Nous avons comparé les estimations produites pour le Banquereau en 2010 aux estimations dérivées des observations durant les relevés. Les estimations de la densité dérivées du relevé de 2010 étaient semblables aux estimations de la densité selon l'indice des CPUE de 2010 pour des emplacements qui se chevauchent, malgré les différences dans les navires et les engins, ainsi que dans la démarche statistique, utilisés. Lorsque ces estimations de la densité étaient étendues à la zone exploitée, telle qu'elle a été définie selon l'empreinte obtenue au moyen du SSN, les estimations de la biomasse qui en découlaient pour 2010 étaient également semblables entre le relevé (211 136 t) et les CPUE (218 262 t).
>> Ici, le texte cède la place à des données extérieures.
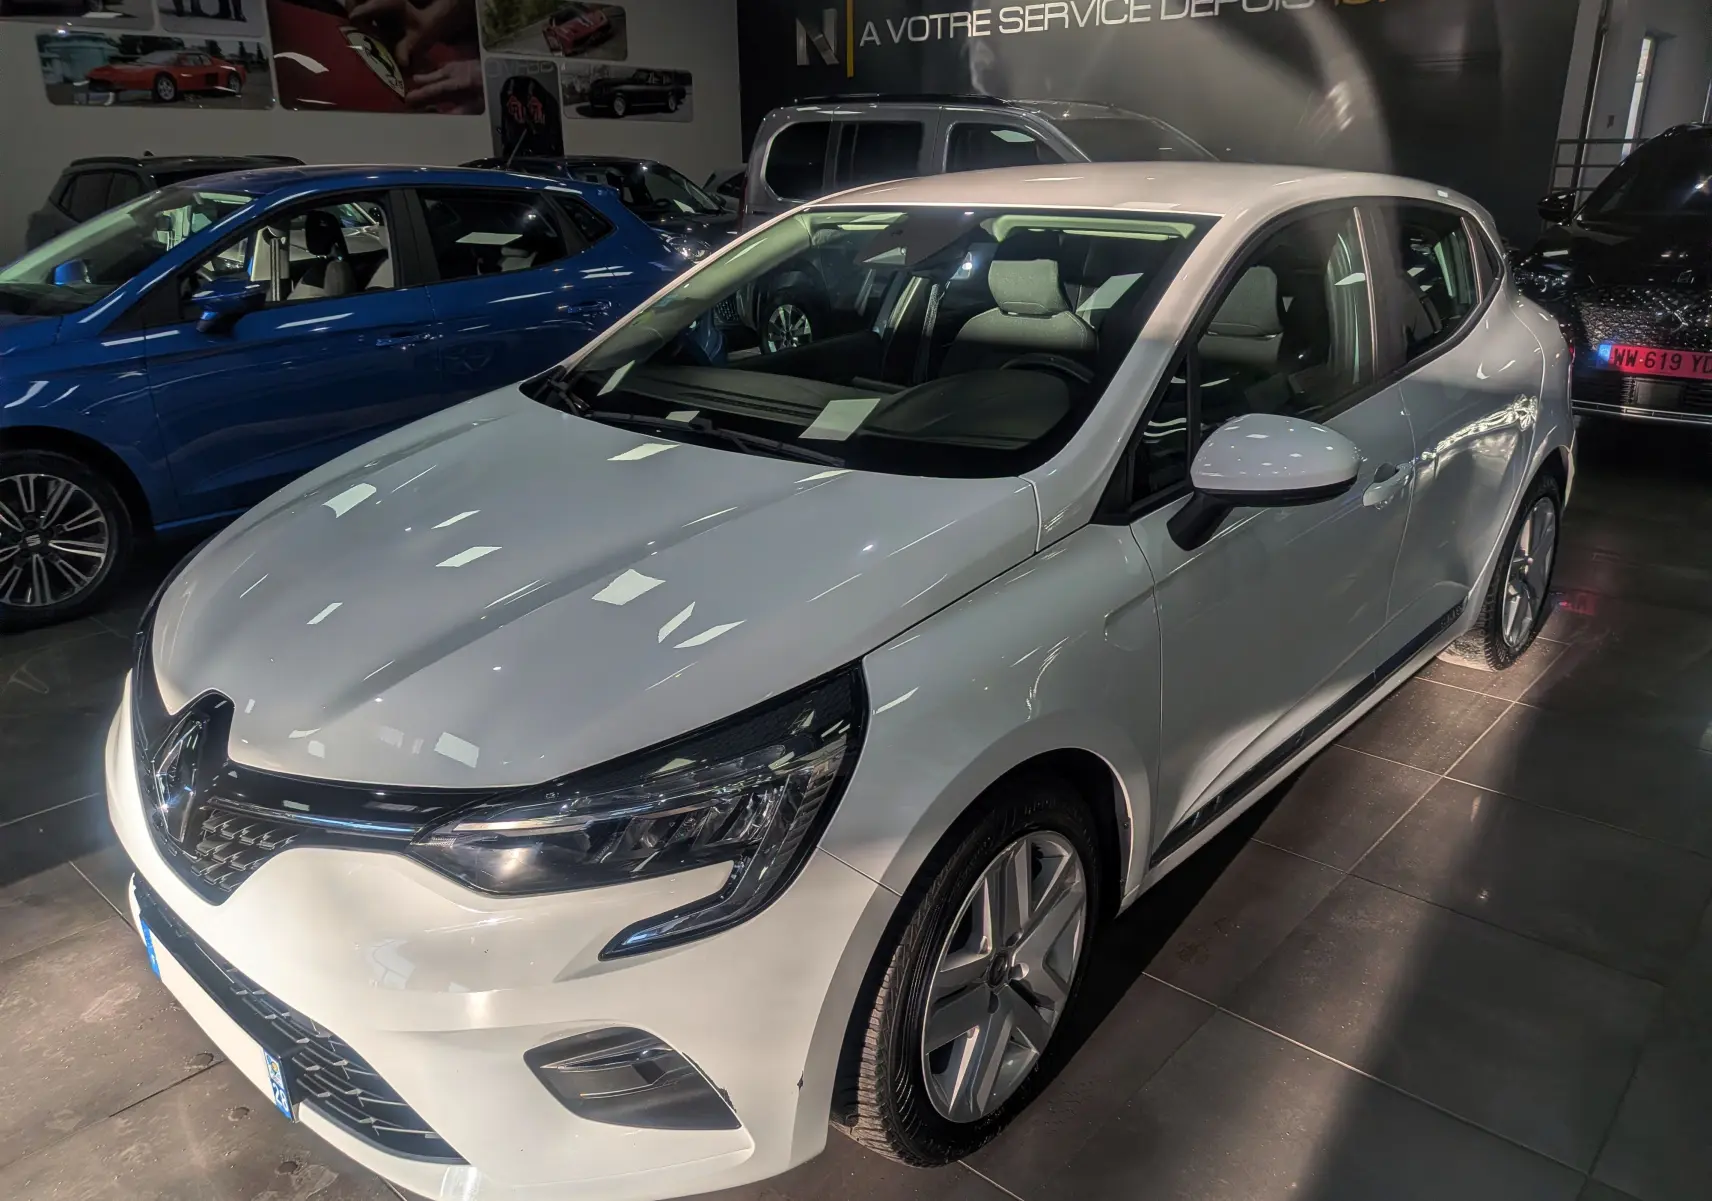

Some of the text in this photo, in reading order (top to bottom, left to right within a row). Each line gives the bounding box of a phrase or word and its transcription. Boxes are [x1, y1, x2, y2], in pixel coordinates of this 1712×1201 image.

[859, 21, 882, 47] A
[886, 9, 992, 44] VOTRE
[998, 0, 1151, 34] SERVICE
[272, 1081, 290, 1113] 28
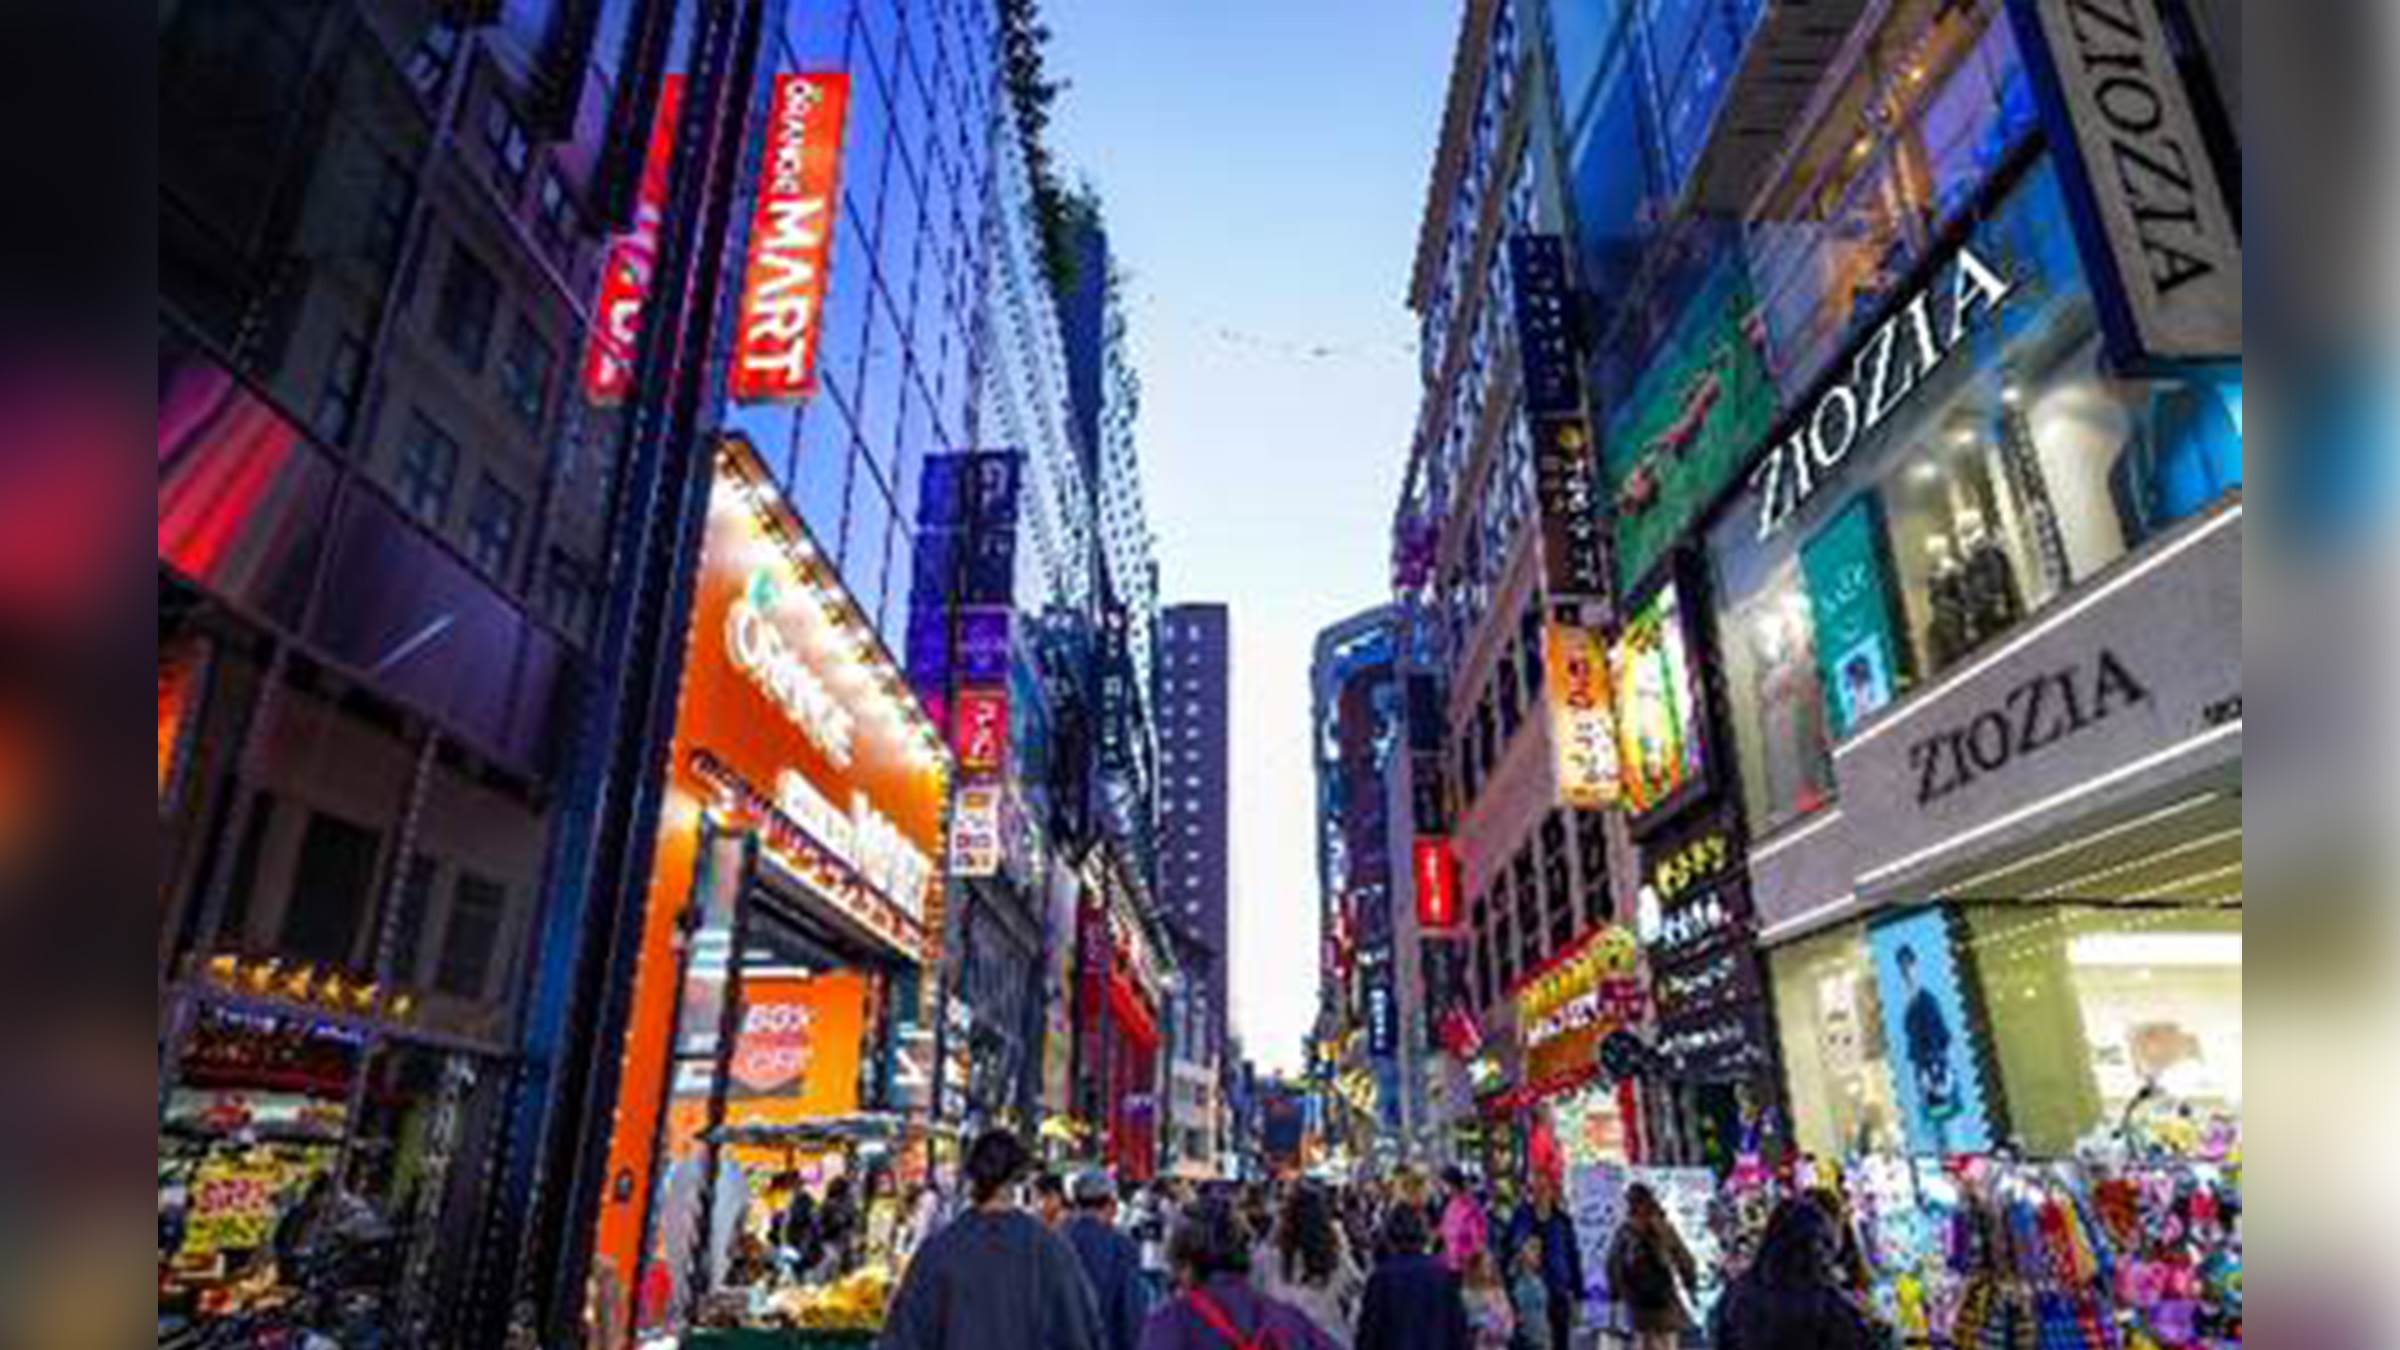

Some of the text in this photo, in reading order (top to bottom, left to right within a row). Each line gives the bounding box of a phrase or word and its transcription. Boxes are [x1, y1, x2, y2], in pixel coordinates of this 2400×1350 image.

[745, 78, 825, 384] ORANGE MART
[2068, 0, 2217, 295] ZIOZIA
[1747, 246, 2013, 541] ZIOZIA
[1909, 647, 2149, 806] ZIOZIA
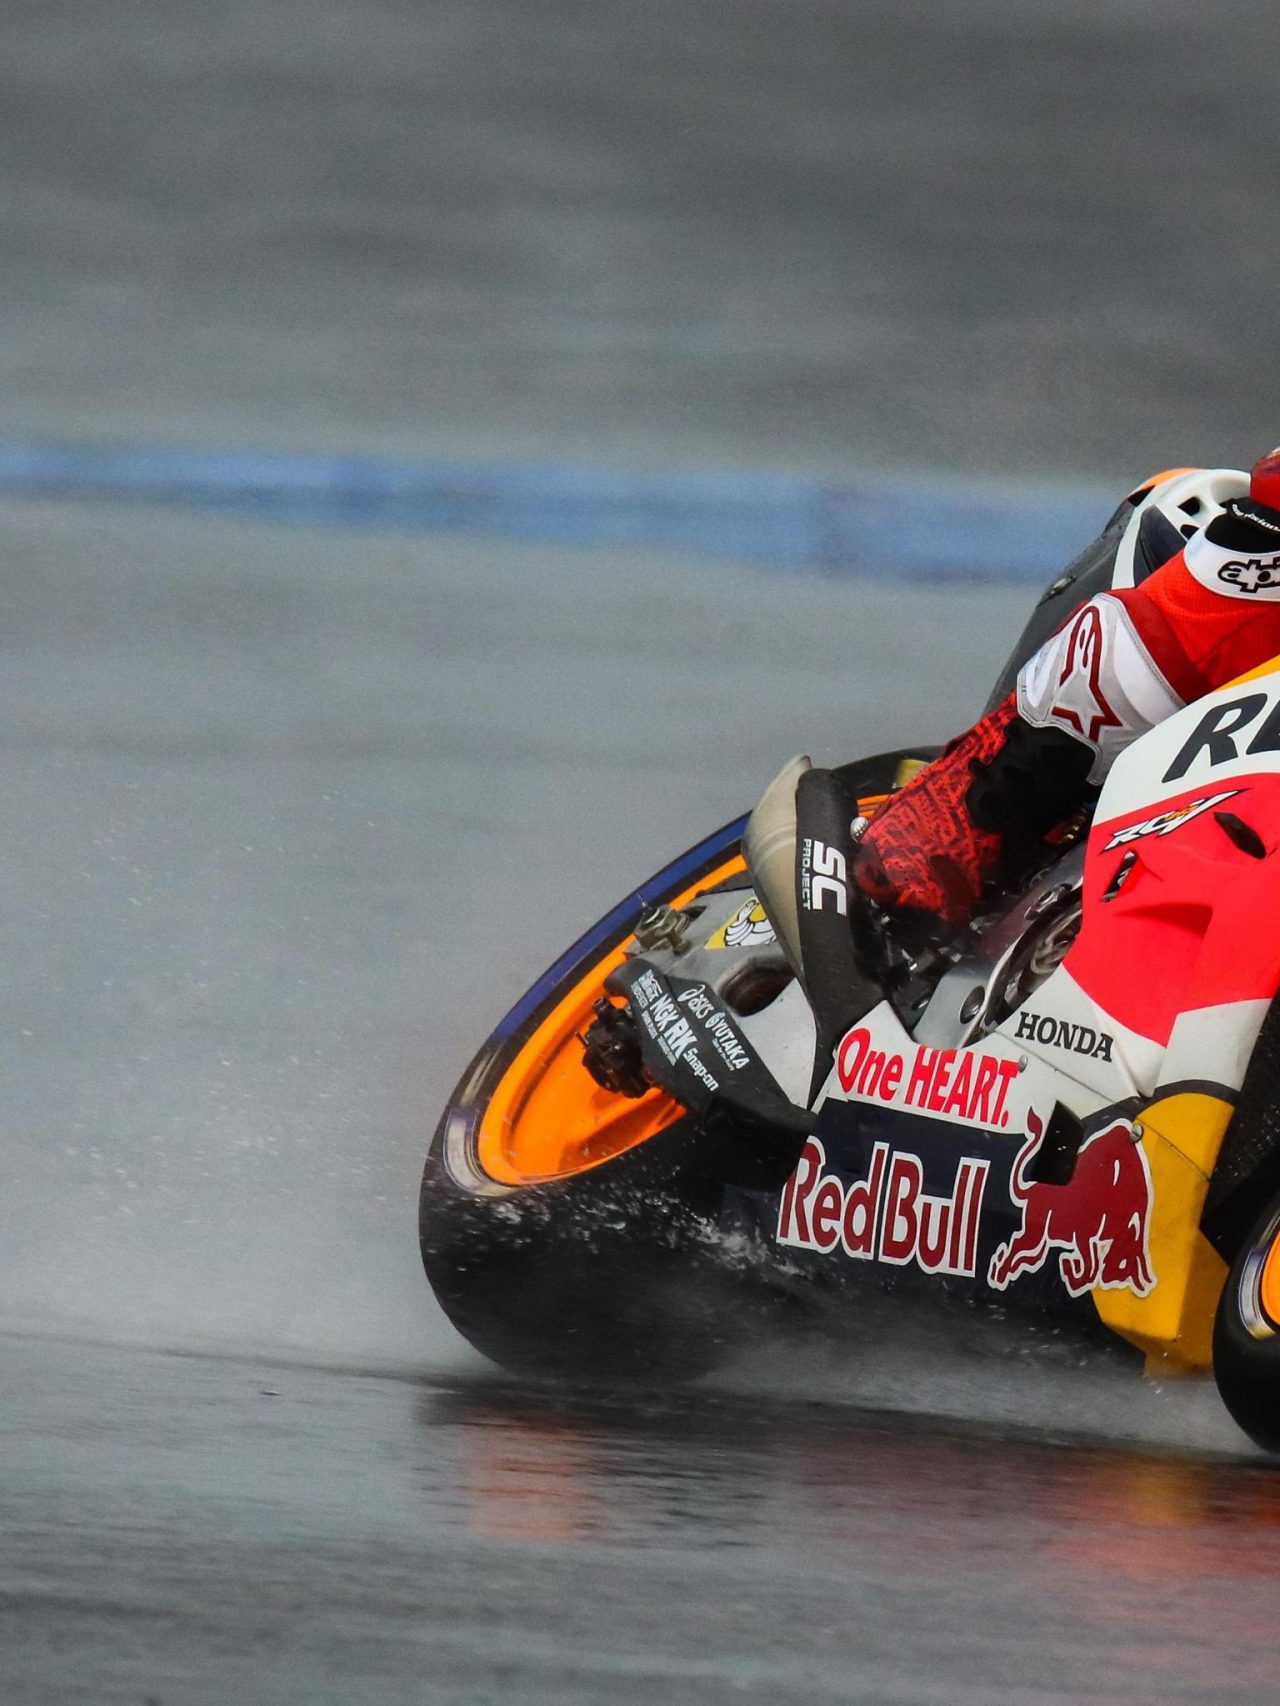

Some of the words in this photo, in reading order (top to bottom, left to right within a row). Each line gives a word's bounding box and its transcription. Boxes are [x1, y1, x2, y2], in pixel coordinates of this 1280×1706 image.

[802, 838, 812, 911] PROJECT
[812, 840, 847, 917] SC
[649, 993, 679, 1032] NGK
[663, 1017, 698, 1060] RK
[1014, 1010, 1115, 1063] HONDA
[837, 1028, 903, 1102] One
[904, 1045, 1020, 1128] HEART.
Les estimations de la biomasse tirées de la dernière évaluation ont été corrigées pour tenir compte de l'efficacité des dragues, laquelle a été estimée à 0,45 avec une incertitude considérable (intervalle de confiance à 95 % de 0,21 – 0,86). Un modèle bayésien de production excédentaire a intégré et quantifié les incertitudes liées à l'efficacité des dragues, les estimations de la biomasse qui en découlent, et a fourni des estimations des erreurs de traitement et d'observation.

Des points de référence ont été calculés à partir des estimations de la biomasse dérivées du modèle de production excédentaire, les estimations de FRMS étant près de 0,1. Toutefois, les diagrammes de phase indiquent que les taux de prise déclinent lorsque la valeur de F est supérieure à 0,05. Les avis reposant sur l'extension des zones de pêche à l'ensemble du banc sont plus risqués que lorsqu'on ne considère que les zones exploitées. Les taux d'exploitation qui se situent près des estimations de FRMS sont plus risqués que les niveaux de référence de F qui se situent en dessous de FRMS.